(Data extracted from a collection)
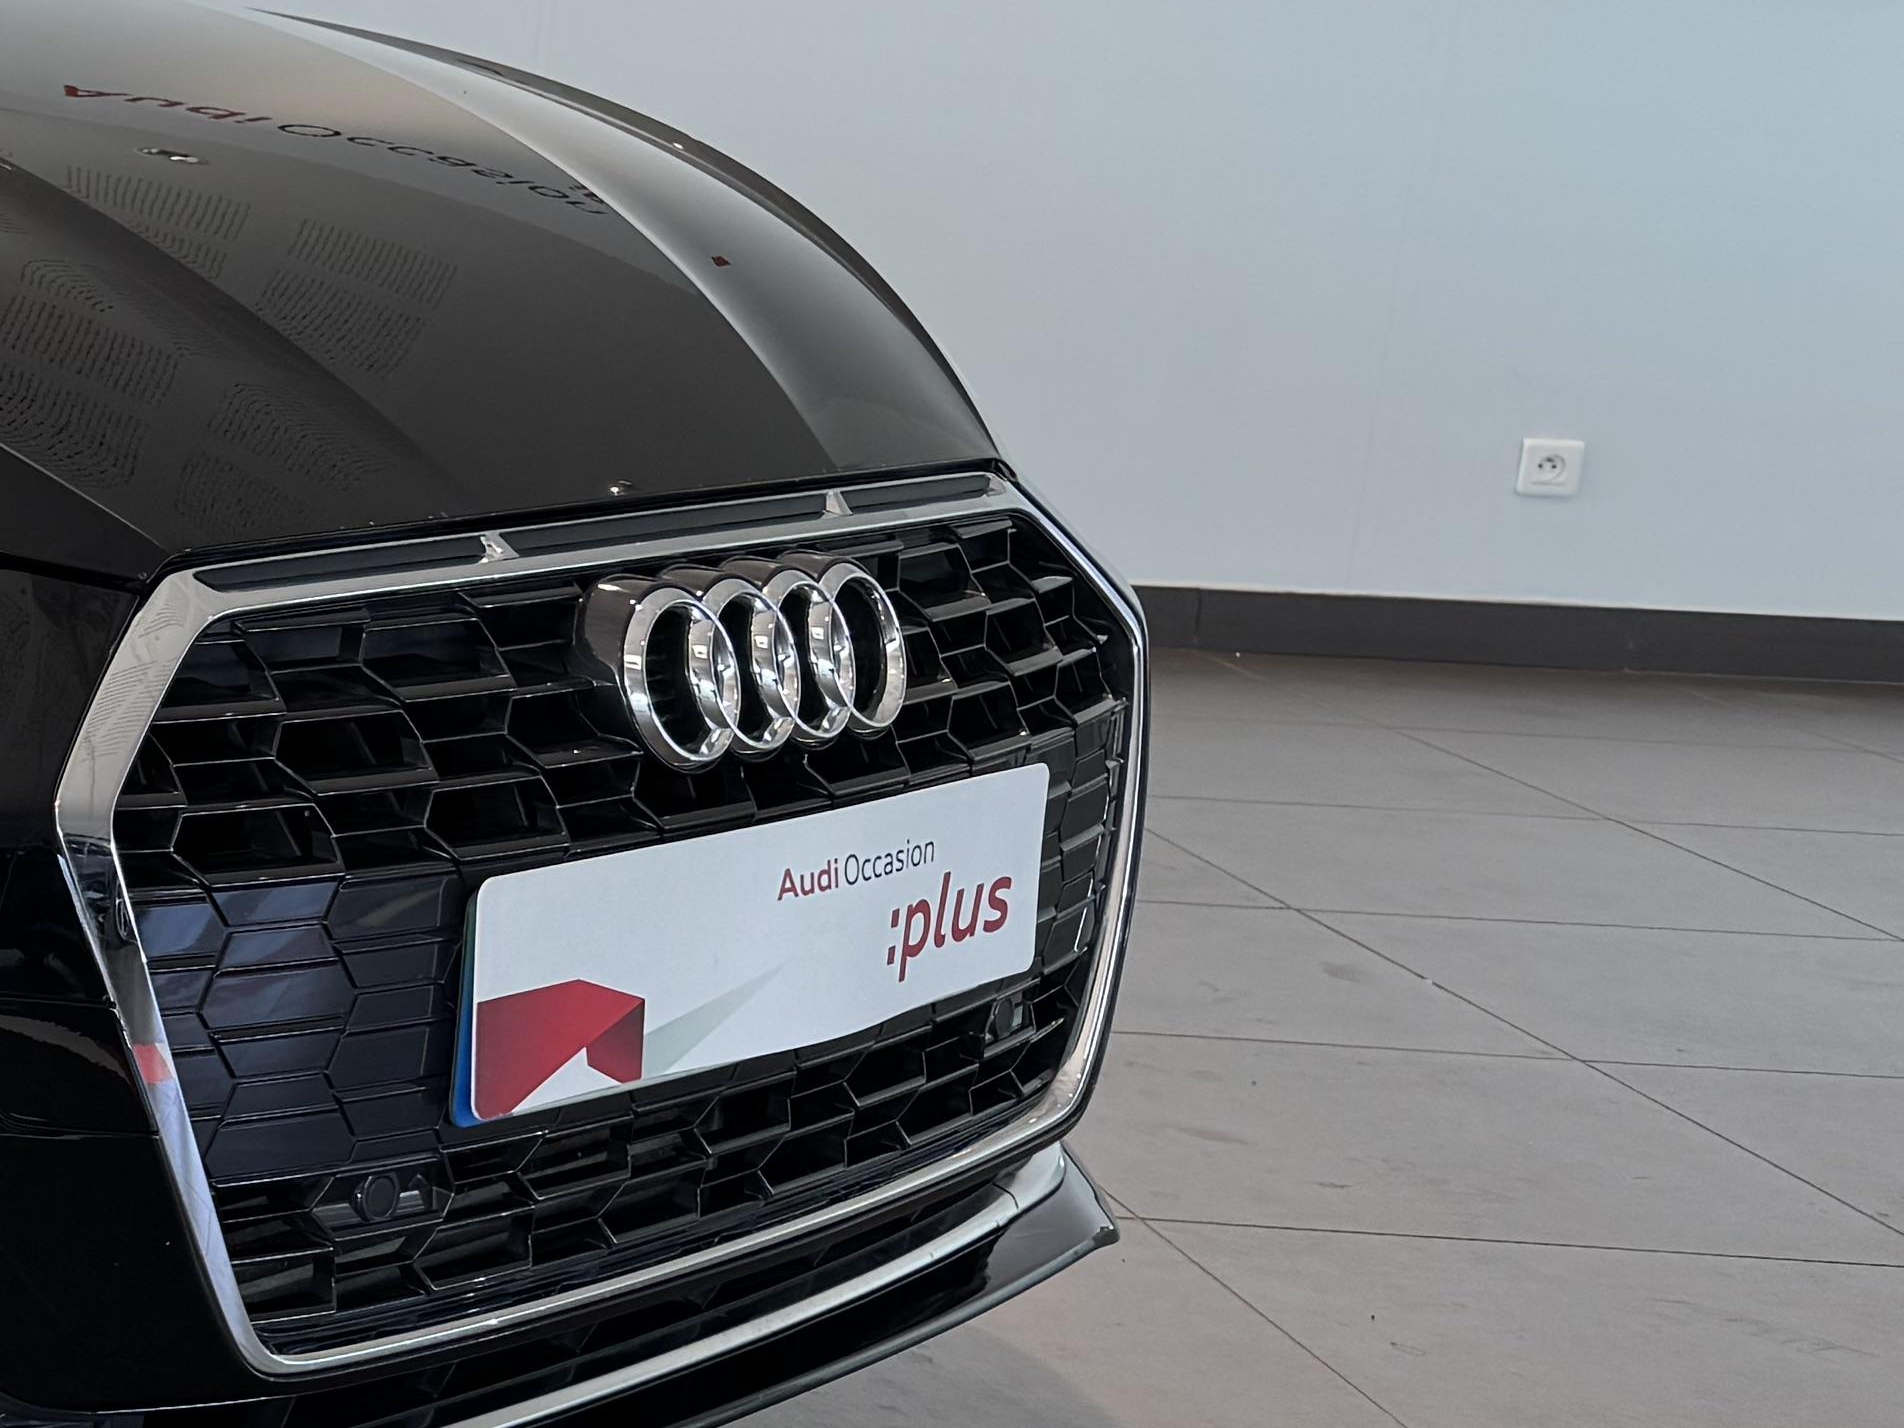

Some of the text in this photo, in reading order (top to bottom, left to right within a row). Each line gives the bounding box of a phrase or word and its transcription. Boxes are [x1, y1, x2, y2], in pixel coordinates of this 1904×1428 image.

[777, 837, 936, 902] Audi Occasion
[885, 871, 1013, 983] :plus
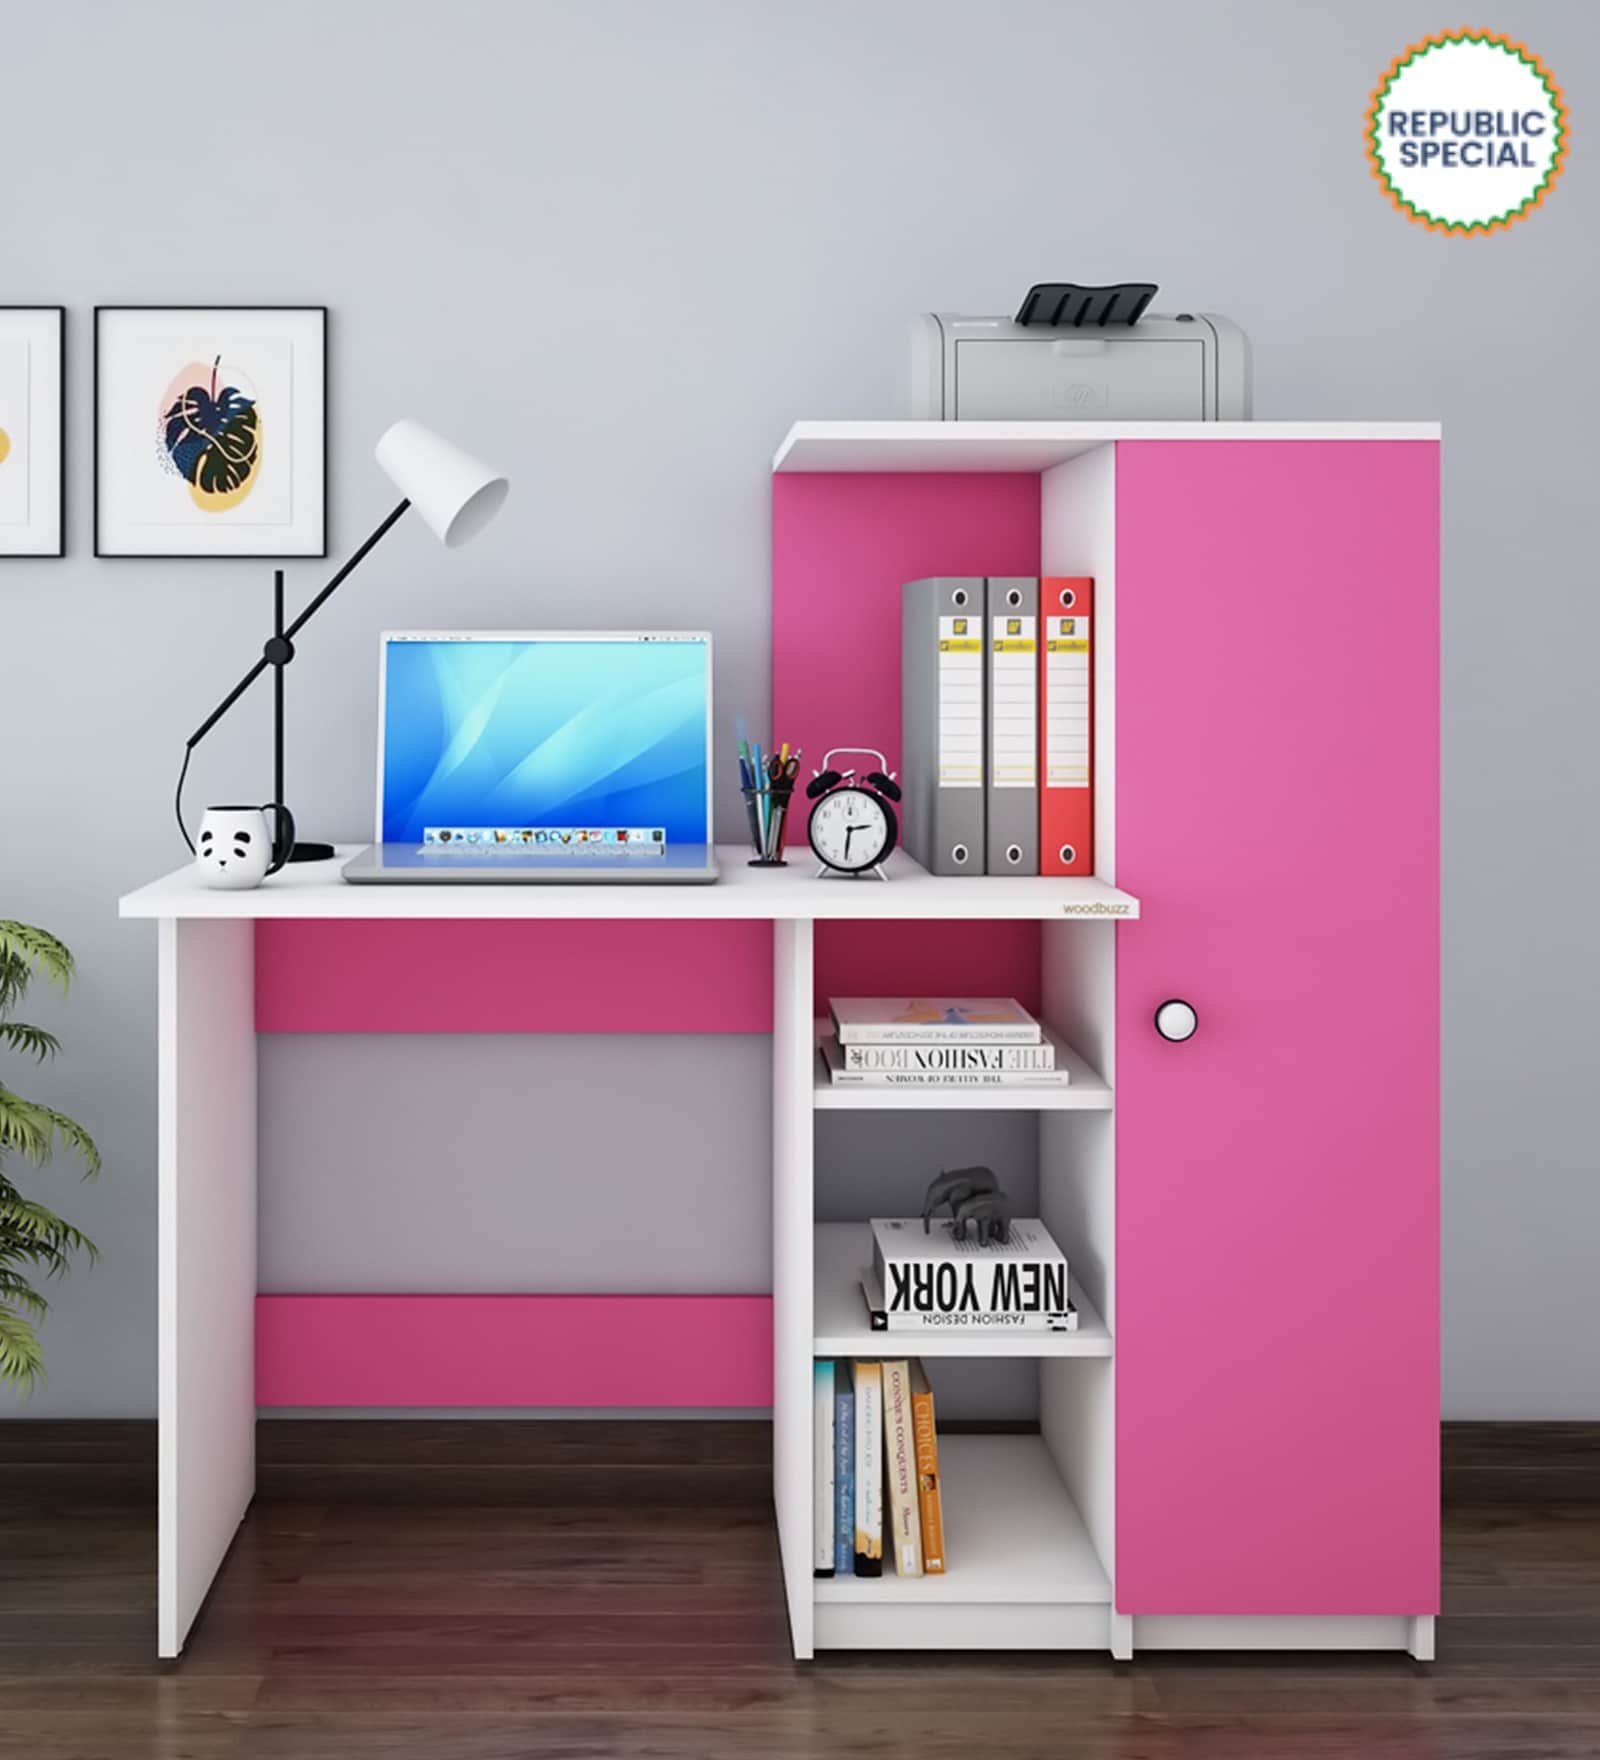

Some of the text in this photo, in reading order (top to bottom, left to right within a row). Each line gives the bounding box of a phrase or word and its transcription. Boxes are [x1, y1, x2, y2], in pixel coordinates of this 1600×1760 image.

[1063, 902, 1129, 914] woodbuzz
[914, 1049, 1004, 1069] FASHION
[1008, 1049, 1052, 1069] THE
[889, 1262, 1065, 1312] NEW YORK
[923, 1314, 1025, 1325] FASHION DESIGN
[915, 1401, 934, 1472] CHOICES

• **Assignment**
Would you please repeat the entries above verbatim, excluding each picture?

• **Answer section**
Some of the text in this photo, in reading order (top to bottom, left to right within a row). Each line gives the bounding box of a phrase or word and its transcription. Boxes are [x1, y1, x2, y2], in pixel coordinates of this 1904×1428 image.

[777, 837, 936, 902] Audi Occasion
[885, 871, 1013, 983] :plus

Some of the text in this photo, in reading order (top to bottom, left to right within a row). Each line gives the bounding box of a phrase or word and its transcription. Boxes are [x1, y1, x2, y2], in pixel coordinates of this 1600×1760 image.

[1063, 902, 1129, 914] woodbuzz
[914, 1049, 1004, 1069] FASHION
[1008, 1049, 1052, 1069] THE
[889, 1262, 1065, 1312] NEW YORK
[923, 1314, 1025, 1325] FASHION DESIGN
[915, 1401, 934, 1472] CHOICES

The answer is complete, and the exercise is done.